News Article Details

Autism support center opens in city

Standard-Speaker - 7/19/2019

Jul. 19--HAZLETON -- Representatives of the Children's Service Center and AllOne Foundation opened an Autism Collaborative Centers of Excellence hub Thursday.

Located at 20 N. Laurel St., it's a place where children and adults who have been diagnosed with an autism spectrum disorder can find assistance.

"For 20 plus years, CSC has been treating children with an ASD diagnosis. When asked to become one of the five family-friendly hubs in the ACCE network, the answer was evident," Mike Hopkins, chief executive officer and president of CSC, said during an open house. "The opportunity to assist not just children, but also adults and their families who live each day with an ASD diagnosis fits perfectly with the Children Service Center's mission of providing and promoting quality services with care and compassion."

People of any age and at any stage of the diagnostic and treatment continuum can find assistance at the hub. Because it is funded by grants, there is no charge to work with the hub's service navigators.

Service navigators can help with intake and referral for diagnostic evaluation, and recommend resources for treatment, including behavioral, occupational or speech therapies. They can also help families and individuals find resources for daily living, including skilled home care, sensory-friendly salon services and vocational training. In addition, they can find recreational and community events such as Challenger sports leagues and sensory friendly movies, theme parks and music.

Service navigators, many of whom have family members on the autism spectrum, are also available for supportive telephone or in-person conversations.

The opening follows a major initiative launched last year.
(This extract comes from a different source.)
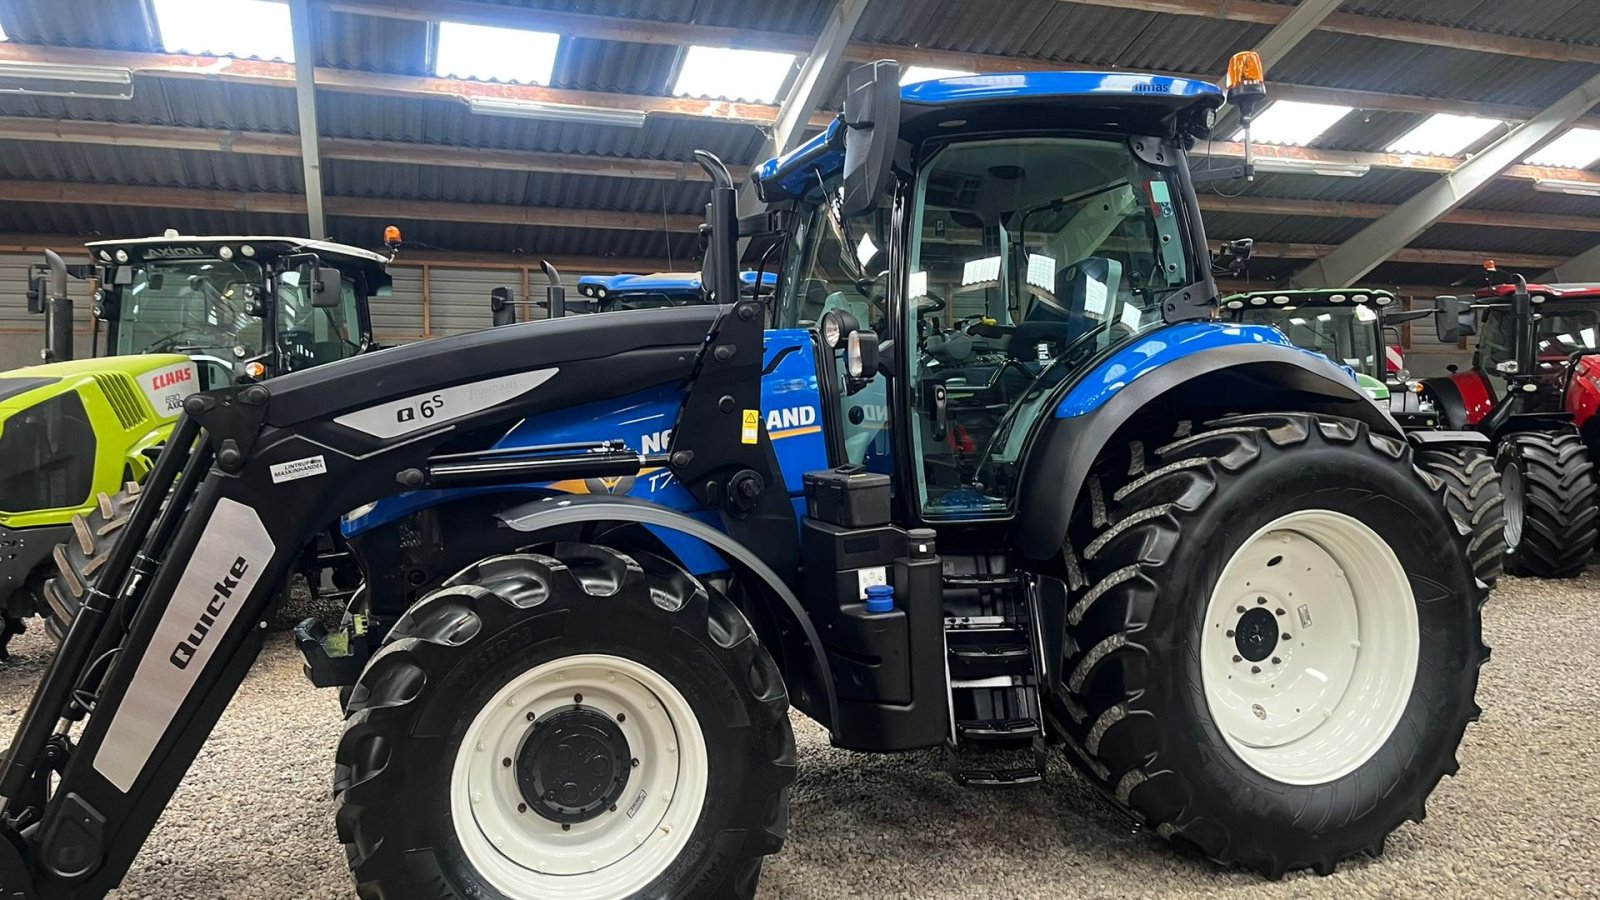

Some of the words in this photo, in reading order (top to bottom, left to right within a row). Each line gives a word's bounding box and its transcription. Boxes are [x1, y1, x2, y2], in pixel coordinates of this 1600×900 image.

It was then that the AllOne Foundation, along with representatives from numerous health care, education and philanthropic organizations, agreed to focus on enhancing the service delivery system and minimizing the service gaps for individuals with autism and their families.
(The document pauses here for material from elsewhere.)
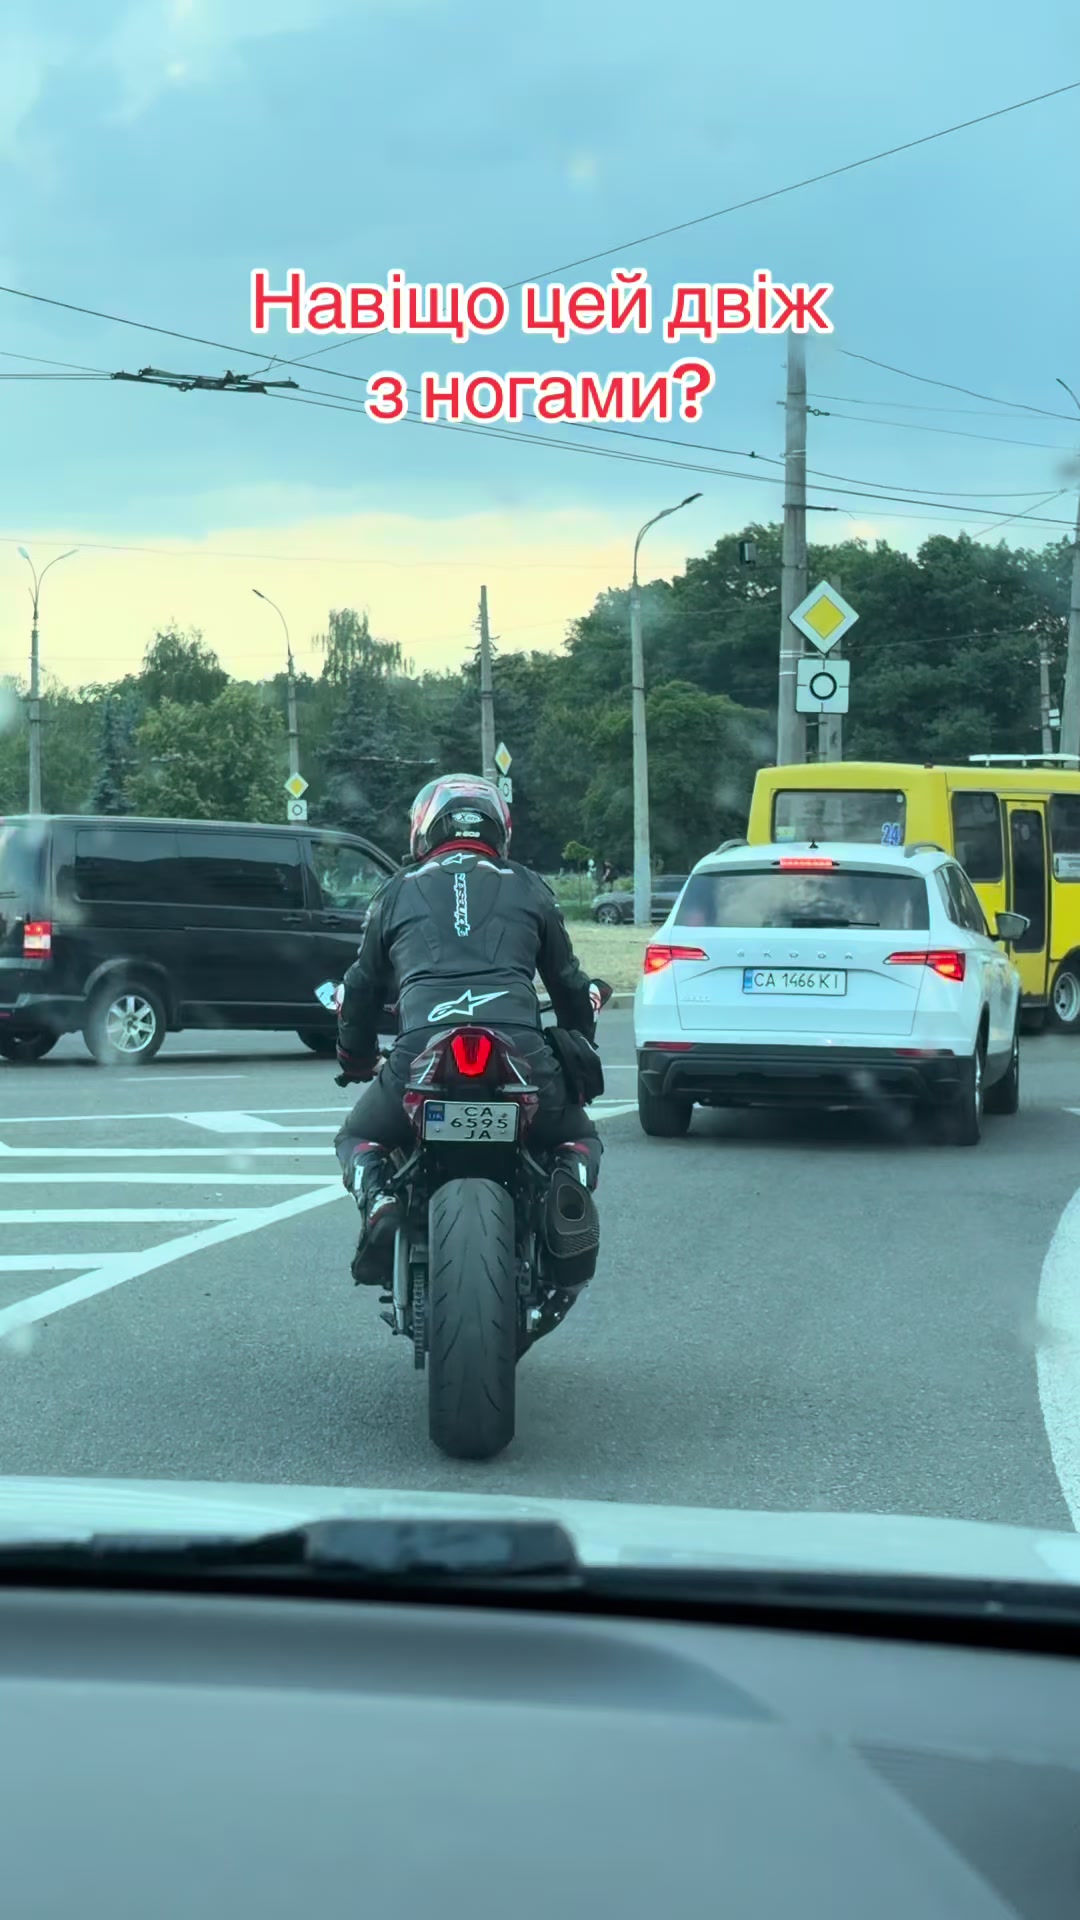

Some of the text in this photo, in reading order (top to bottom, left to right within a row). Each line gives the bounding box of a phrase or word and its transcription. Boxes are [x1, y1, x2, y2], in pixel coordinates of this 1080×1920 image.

[754, 973, 839, 989] CA 1466 KI
[464, 1106, 493, 1117] CA
[450, 1118, 508, 1129] 6595
[464, 1130, 492, 1140] JA
"The leaders and partners of the AllOne Foundation had a vision to develop a sustainable framework to measurably improve the delivery of care for those with ASD and their families," said John Cosgrove, executive director of the AllOne Foundation. "Through the execution of this initiative and the research data we will be collecting, we are seeking to create a national model for scientifically sound innovation for providing ASD care."

John Moses, chairman of the AllOne Foundation, said the organization was "proud" to be in Hazleton.

"If people continue to think together, and plan together, and work together, and dream together, and pray together, then anything can be accomplished," Moses said.